For me, the most shocking instance remains the first time it happened to me. I was asked to help a local company of about 600 people that was in serious trouble. A quick tour of the production floor revealed the operation was very inefficient. The one short-term asset the company had was an 18 month backlog – its products were unique enough, and the company still had enough of a brand that customers were willing to wait.
So we set about improving the company’s productivity. Talking with front-line employees, it was obvious that they had many good improvement ideas. So we crashed into place an informal idea system – we had no time to launch a real one. And the employees gave in lots of ideas to save time and money, reduce errors, and improve lead-times and delivery.
Within 8 weeks this company had doubled its productivity. We had a small goodbye party with a group of middle and upper managers.
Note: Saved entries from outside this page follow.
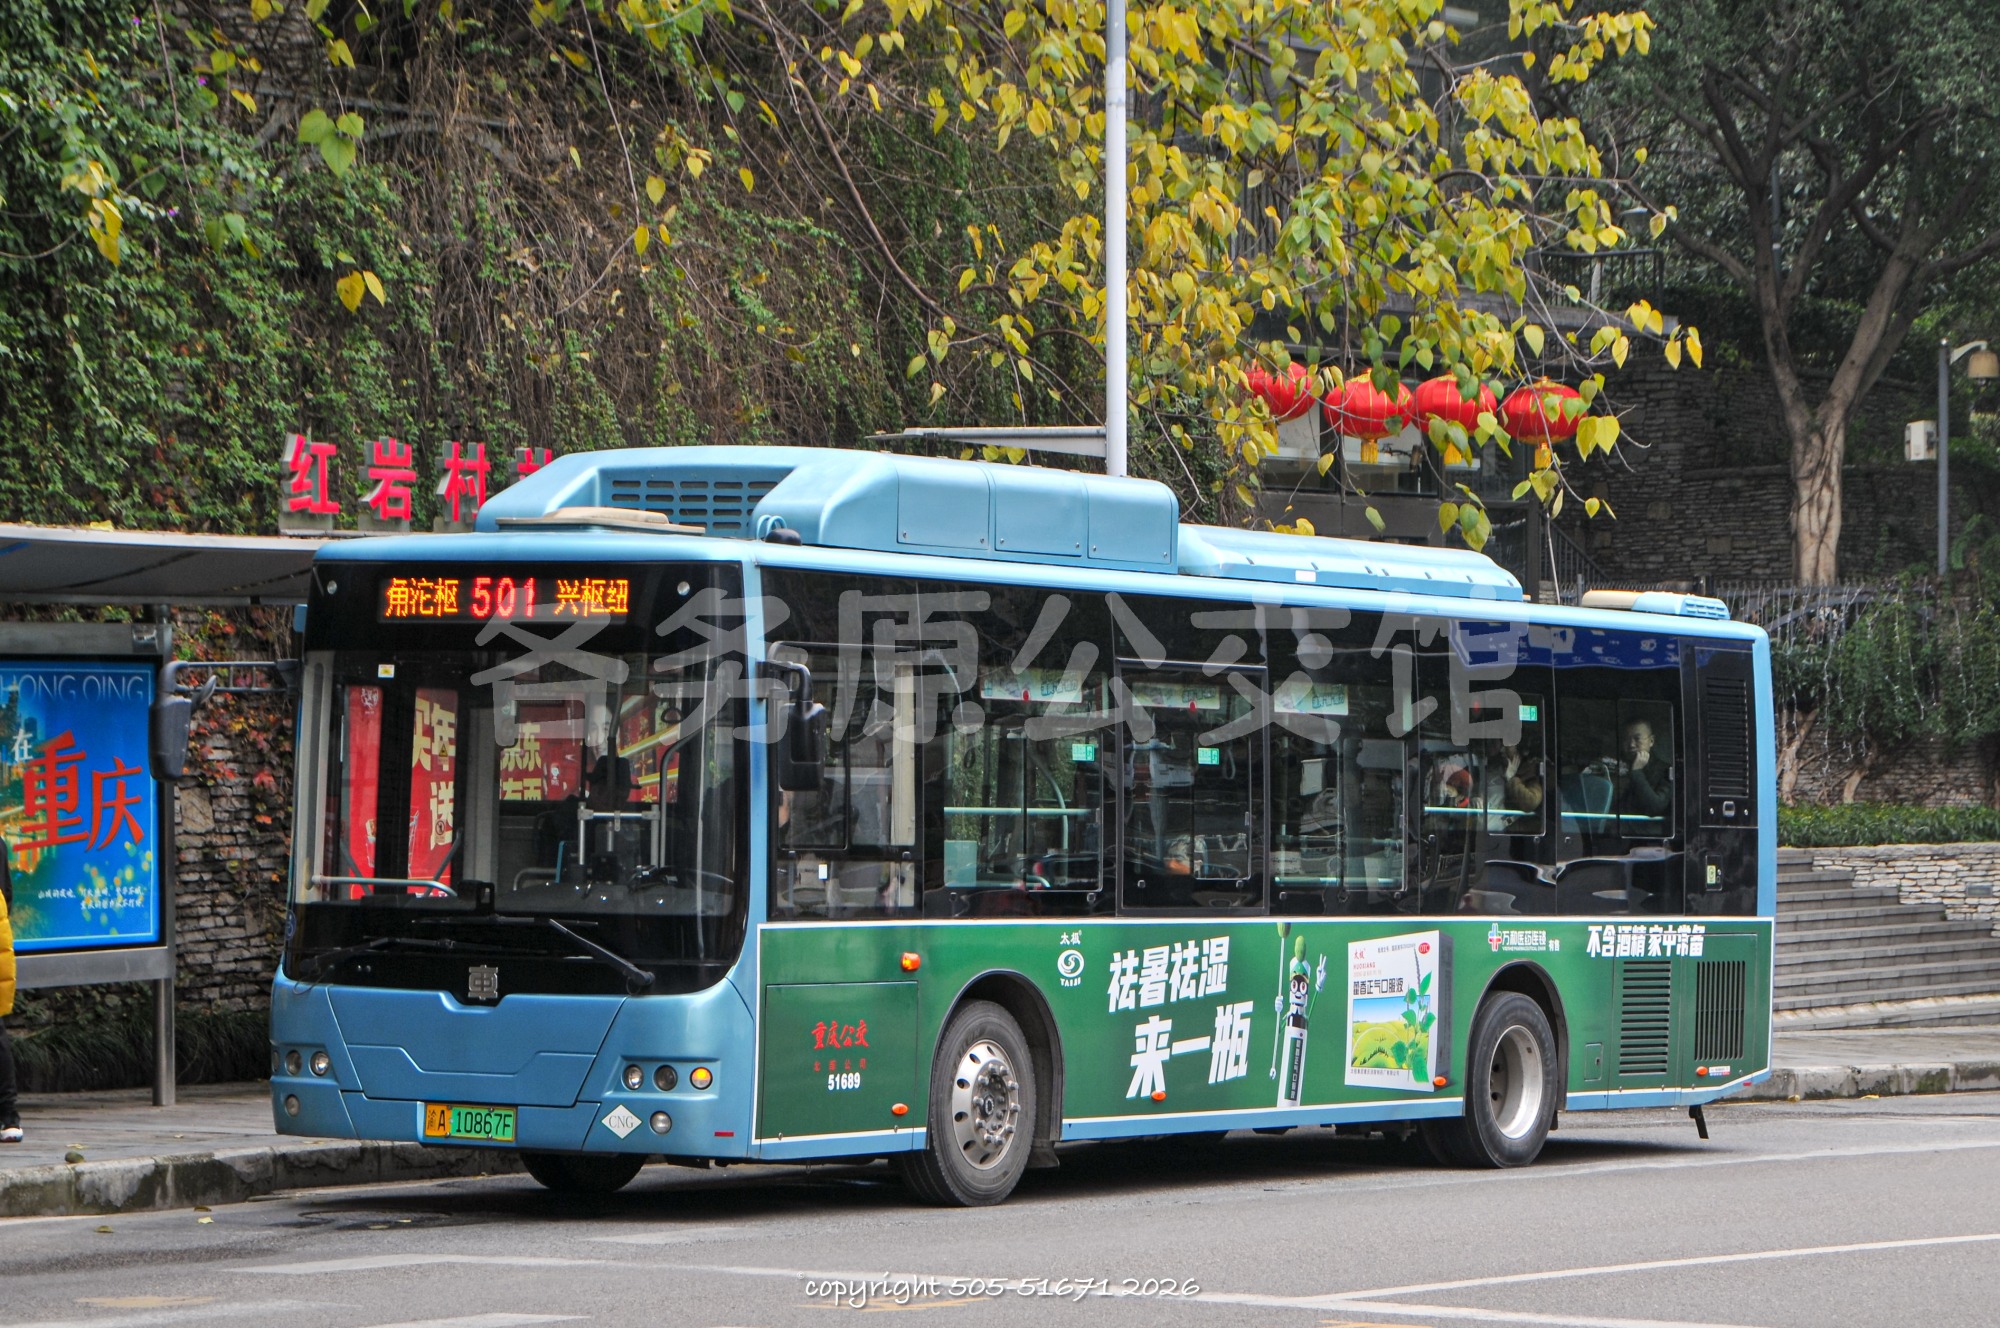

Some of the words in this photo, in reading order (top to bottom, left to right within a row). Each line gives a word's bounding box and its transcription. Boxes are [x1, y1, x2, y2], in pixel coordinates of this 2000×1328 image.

[288, 434, 552, 522] 红岩村
[386, 577, 459, 617] 角沱枢
[470, 577, 536, 617] 501
[554, 577, 629, 617] 兴枢纽
[11, 727, 34, 762] 在
[12, 729, 145, 852] 重庆
[1107, 935, 1230, 1013] 祛暑祛湿
[811, 1019, 870, 1050] 重庆公交
[1125, 1001, 1254, 1099] 来一瓶
[827, 1072, 861, 1091] 51689
[456, 1110, 513, 1136] 10867F
[608, 1115, 634, 1128] CNG
But I will never forget the call I got the next day from the CEO. “I just wanted to thank you again, and tell you something I wasn’t able to say in front of the group yesterday. You will read it in the newspapers. Today, we were able to lay off 78 people.”
Contrast this with the behavior of Toyota, when it became the manager in its joint venture with GM in the NUMMI plant in Fremont, California. When this plant had been closed a few years earlier, it had been one of GM’s worst plants. Toyota rehired more than 95 percent of the “troubled” workforce, but made them a promise in their union contract. No one will ever be laid off because of productivity improvements, and before any layoffs occur, management will take a twenty-five percent pay cut.
Within a few years, NUMMI had become one of the most productive plants in the GM system, and was getting some 15 ideas per employee.
It seems so simple: Why would people give in ideas, or even just cooperate with management-driven improvement initiatives, if management plans to cash in on the improvements by eliminating their jobs?
You can perhaps get a short burst of productivity improvement, but your idea initiative won’t be sustainable unless you do what Toyota and NUMMI did, and make it clear to employees that continuous improvement will help them too.